10 October; The Vypeen Island Ferry

Posted: 13 October 2017

The ferry from Fort Kochi to Vypeen Island is an eye opener on all sorts of levels. First there is the craft itself. Old, rusty and looking as though it should have found its way to the breaker’s yard long ago or, at the very least, taken out into the Arabian Sea and quietly scuttled. Interestingly the ferry I was on displayed a brass plate which, if it was to be believed, stated that this particular ferry was built in Belfast at the Harland and Wolves Shipyards in 1957. As we left port it flashed into my mind that that was where they built the Titanic. 

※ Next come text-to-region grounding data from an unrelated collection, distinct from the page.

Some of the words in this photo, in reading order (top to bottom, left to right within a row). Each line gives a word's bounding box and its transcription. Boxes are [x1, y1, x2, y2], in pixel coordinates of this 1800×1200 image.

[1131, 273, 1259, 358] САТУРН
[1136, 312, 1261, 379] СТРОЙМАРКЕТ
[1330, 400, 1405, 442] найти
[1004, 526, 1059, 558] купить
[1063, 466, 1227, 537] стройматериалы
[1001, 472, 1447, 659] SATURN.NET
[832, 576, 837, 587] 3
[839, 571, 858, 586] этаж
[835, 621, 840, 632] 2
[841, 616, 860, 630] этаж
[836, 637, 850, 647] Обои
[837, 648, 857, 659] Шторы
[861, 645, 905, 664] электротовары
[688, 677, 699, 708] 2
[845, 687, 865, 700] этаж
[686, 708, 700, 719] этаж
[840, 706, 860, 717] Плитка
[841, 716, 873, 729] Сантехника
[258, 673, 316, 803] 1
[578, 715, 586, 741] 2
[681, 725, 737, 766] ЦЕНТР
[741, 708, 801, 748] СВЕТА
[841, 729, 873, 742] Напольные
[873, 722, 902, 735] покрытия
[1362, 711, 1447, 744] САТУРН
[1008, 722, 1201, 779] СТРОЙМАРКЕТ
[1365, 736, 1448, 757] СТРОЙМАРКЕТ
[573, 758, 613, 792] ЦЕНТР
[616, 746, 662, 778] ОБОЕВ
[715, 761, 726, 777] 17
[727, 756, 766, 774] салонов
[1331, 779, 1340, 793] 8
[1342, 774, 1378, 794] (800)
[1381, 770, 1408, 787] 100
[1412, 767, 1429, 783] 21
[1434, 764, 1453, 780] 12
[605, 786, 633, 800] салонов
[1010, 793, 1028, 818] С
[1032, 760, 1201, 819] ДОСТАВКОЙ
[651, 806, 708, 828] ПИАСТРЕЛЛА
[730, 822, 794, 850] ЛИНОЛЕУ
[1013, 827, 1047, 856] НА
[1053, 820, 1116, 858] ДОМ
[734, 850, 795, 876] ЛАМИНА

     The second thing you notice, simply because you have no choice but to become part of it, is the complete disregard for anything remotely concerned with health and safety as foot passengers, motor cyclists and cars all push forward to get on board at the same time. It is even worse when it docks as disembarking foot passengers leap forward to get off even before it has docked properly and tied up. If they had a mind to I suppose they could just as easily jump off mid-crossing as there is nothing between them and the ocean briny except the angle of the on/off ramp which is only slightly higher than deck level. 

     The crossing itself only lasts about ten minutes but it was still a bit unnerving to notice the complete absence of life jackets or any kind of buoyancy aid or any kind of information should an emergency occur and the ferry sank. Needless to say, it didn’t sink and I made it to the island and back without encountering an storms or hurricanes and without any kind of trouble form marauding pirates or denizens of the deep.

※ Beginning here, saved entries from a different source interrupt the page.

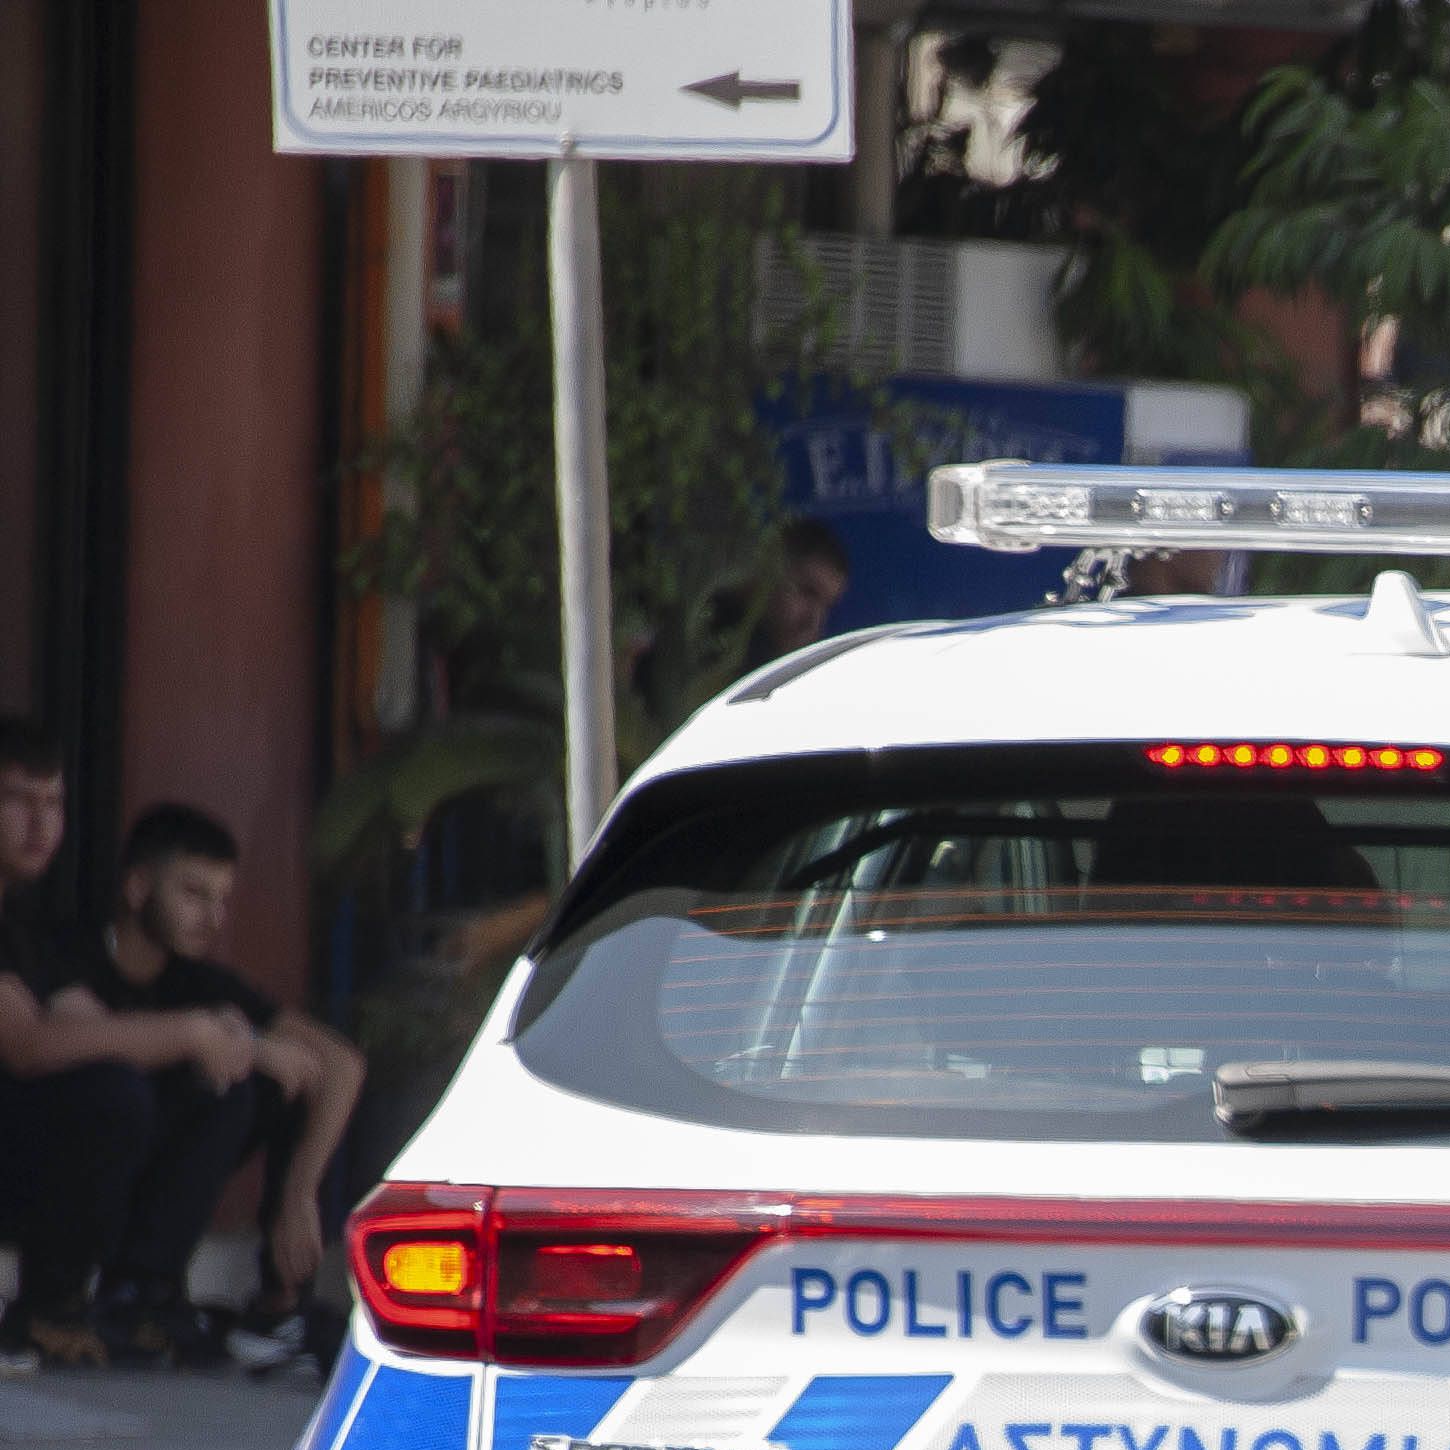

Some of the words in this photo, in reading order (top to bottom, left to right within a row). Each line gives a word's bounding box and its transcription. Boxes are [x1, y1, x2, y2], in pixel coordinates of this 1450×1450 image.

[308, 35, 404, 58] CENTER
[412, 36, 463, 60] FOR
[308, 67, 457, 91] PREVENTIVE
[464, 69, 624, 95] PAEDIATRICS
[308, 98, 433, 121] AMERICOS
[791, 1267, 1089, 1338] POLICE
[1164, 1302, 1274, 1353] KIA

     After such a perilous voyage some kind of sustenance was required. In the absence of lime juice or a tot of rum I made my way to the Killian Hotel where I had arranged to meet Dave Rees-Jones and Debbie Aldous from Birmingham who were on their last night in India. I met Dave and Debbie when they came to my concert a few nights before when they told me about the Killian Happy Hour which is actually the Happy Two Hours from four til six. This, I reasoned, was a deliberate marketing ploy on behalf the hotel management; they provide somewhere to go for a cold beer in the heat of the afternoon which somehow seamlessly becomes evening. By this time, of course, you are quite settled and you may as well stay on and have dinner and enjoy the rest of the night during the ‘unhappy’ hours. 
     After a starter of pakora and Kingfisher, the beer, that is, not one of our brightly plumaged feathered friends, I had a delicious fish curry. Kochi is, after all, a fishing port, famous for its Chinese Fishing Nets, so it seemed only right and proper that I sampled the local fruits de mer. Served with rice and chapati it was quite outstanding, especially when washed down with an ice cold Kingfisher Blue. Just the thing for a hungry and thirsty sailor type on shore leave. R. L. Stevenson summed it up perfectly:

    Home is the sailor , home from the sea,
    And the hunter home from the hill.

     I woke up about four o’clock with my stomach telling me that my fish curry was perhaps not quite as magnificent as I had thought. It felt as though one of the Kingfishers had taken flight inside my large intestine.  I had a fitful couple of hours sleep before I eventually got up and staggered to the loo where I found that things were just as I had feared; my insides seemed to have melted during the night. Time for a couple of charcoal capsules, I think.